There are many reasons users experience slowness.

While you could try solving this problem with local MySQL instances in many geographic locations, that setup would be complex (and quite costly too).

If possible, you should investigate other options (such as database and application logic).

Your Application

Have you investigated your application logic?

You may have too many database calls which are slowing your overall application down. Things like database index's, storage engines, database field types and other optimisations should be investigated.

You could take advantage of AWS ElastiCache (http://aws.amazon.com/elasticache/) or use other caching techniques to store local copies of data in your application for short periods of time.

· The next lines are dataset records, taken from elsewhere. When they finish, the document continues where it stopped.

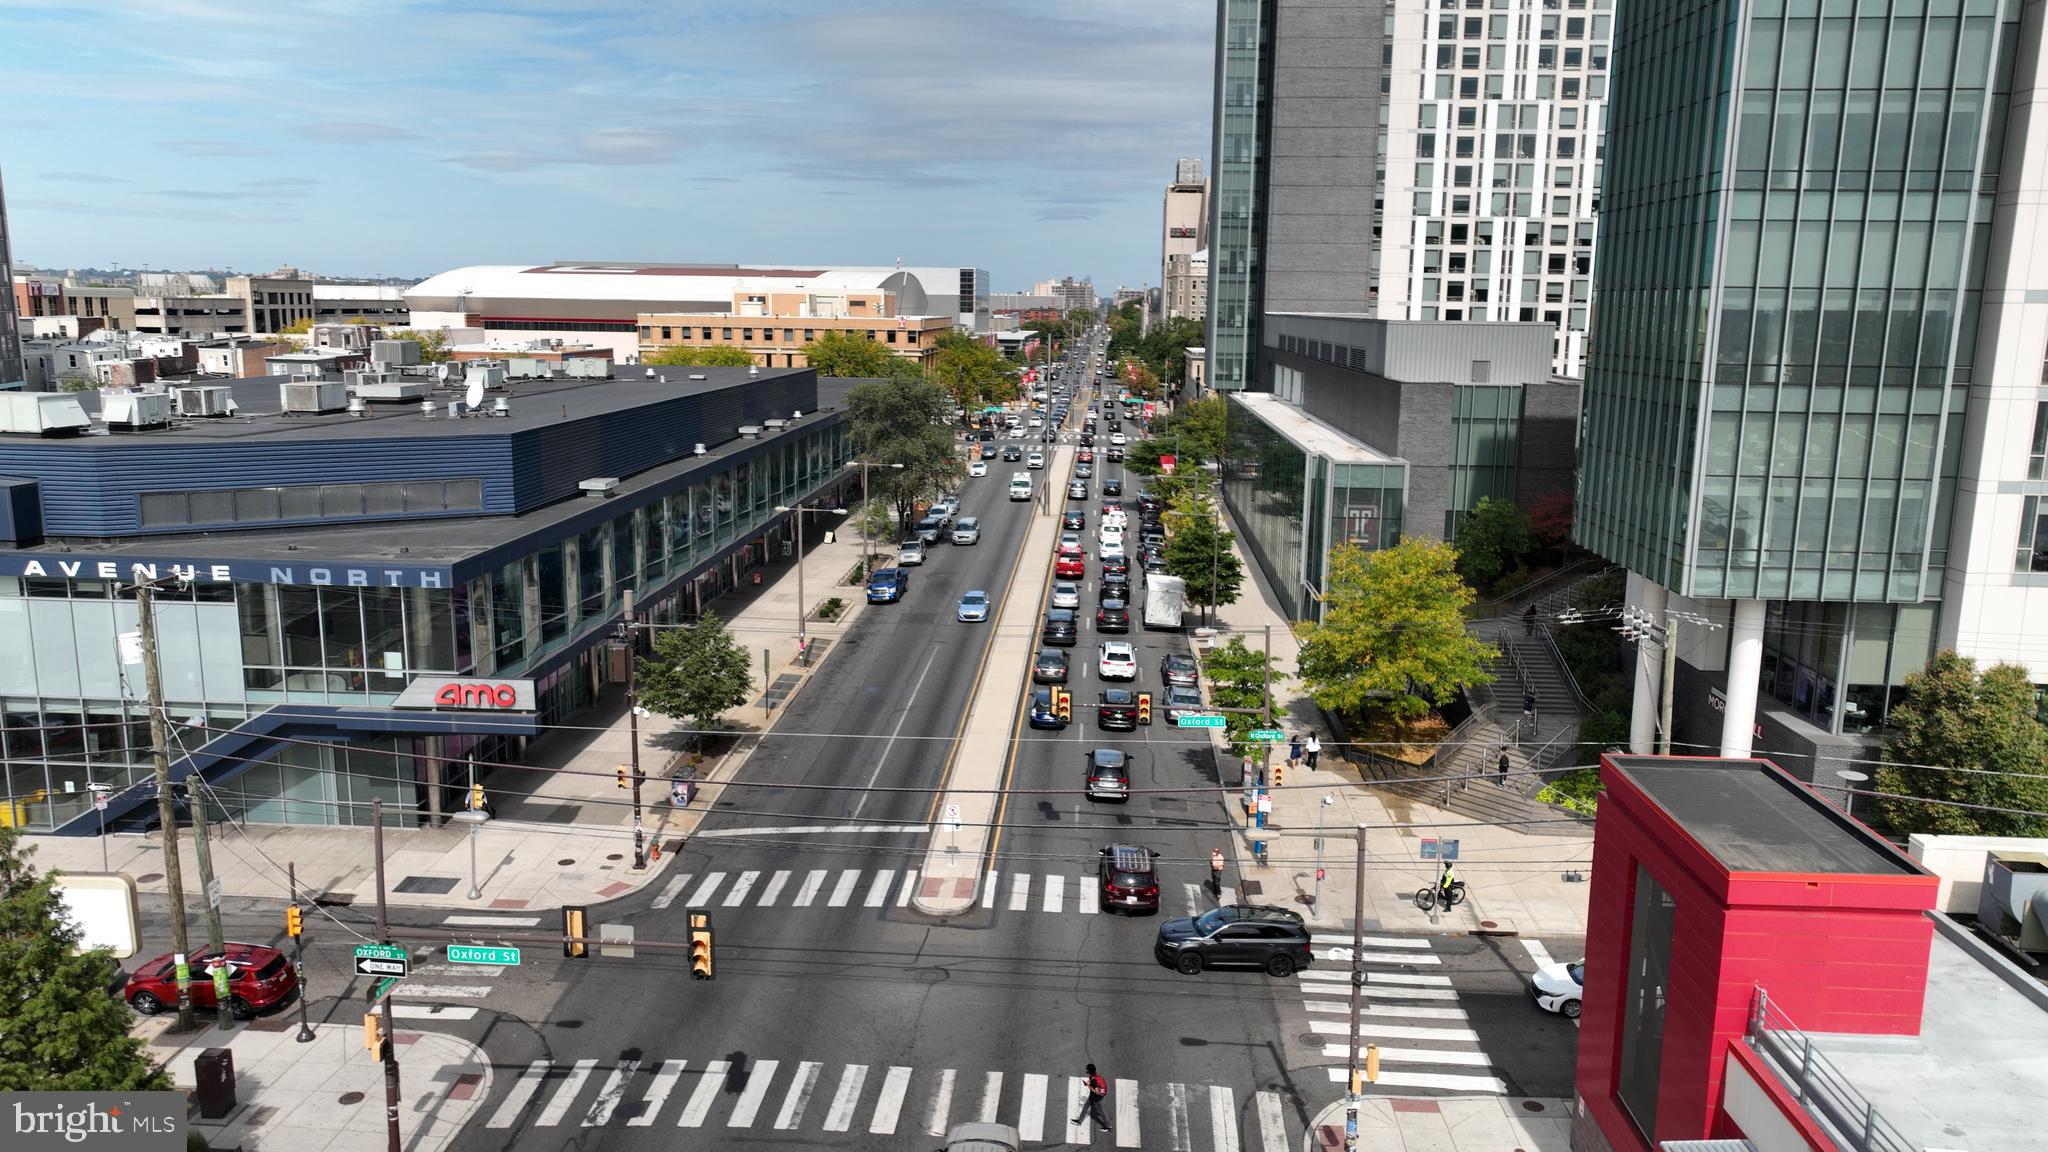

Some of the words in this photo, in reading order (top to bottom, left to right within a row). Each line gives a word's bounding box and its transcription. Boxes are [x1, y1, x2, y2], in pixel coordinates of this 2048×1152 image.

[24, 559, 231, 581] AVENUE
[270, 567, 442, 588] NORTH
[1180, 718, 1210, 726] Oxford
[1214, 718, 1223, 726] St
[356, 948, 391, 958] OXFORD
[451, 949, 496, 961] Oxford
[502, 950, 516, 962] St
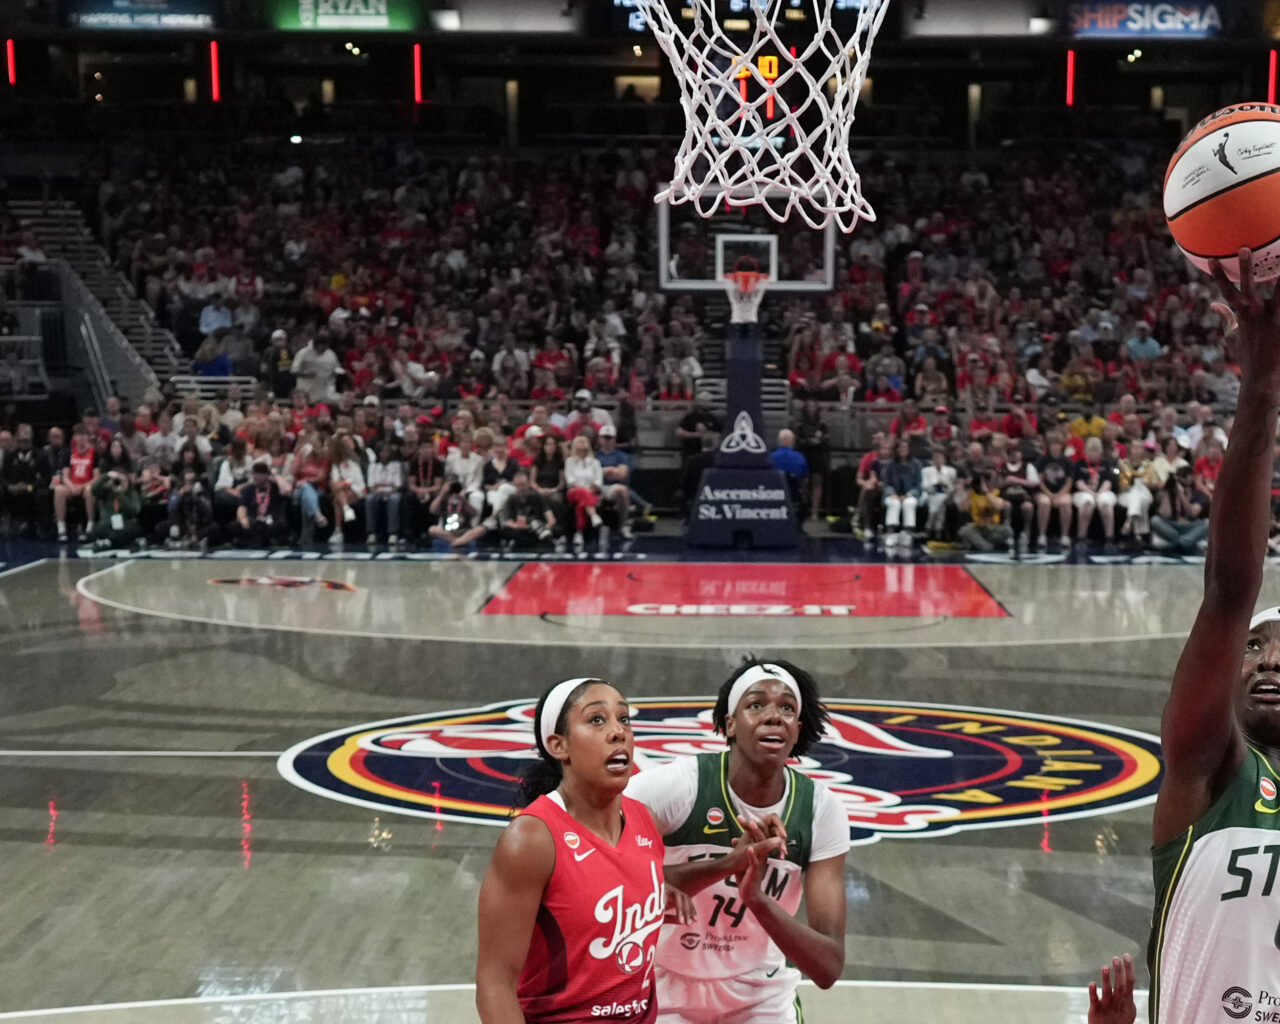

You might also consider using NoSQL for parts of your application if you can't completely replace MySQL.

These sorts of changes can have huge impacts to the relative slowness of your application.

RDS - Relation Database

Amazon have a service called Amazon Relational Database Service (Amazon RDS).

http://aws.amazon.com/rds/

If you must use a relational database you may find RDS useful. In particular the following features may give you the performance increase you're after.

Provisioned IOPS - You can convert from standard storage to Provisioned IOPS storage and get consistent throughput and low I/O latencies.

Read Replicas that can be used in conjunction to gain enhanced database availability

Although these won't help out with network latency, which your users may be experiencing. Before going further you should be sure it's network latency that is the issue (and that the issue isn't just slow ISP or link on the client side).

Other DB Solutions (NoSQL)

AWS have a few more options for you, http://aws.amazon.com/running_databases/

Using SimpleDB or DynamoDB may suit your needs better.

http://aws.amazon.com/dynamodb/

Amazon DynamoDB, a fully managed service that offers extremely fast performance, seamless scalability and reliability, low cost and more.

http://aws.amazon.com/simpledb/

Amazon SimpleDB, a fully managed service that provides a schemaless database, reliability and more.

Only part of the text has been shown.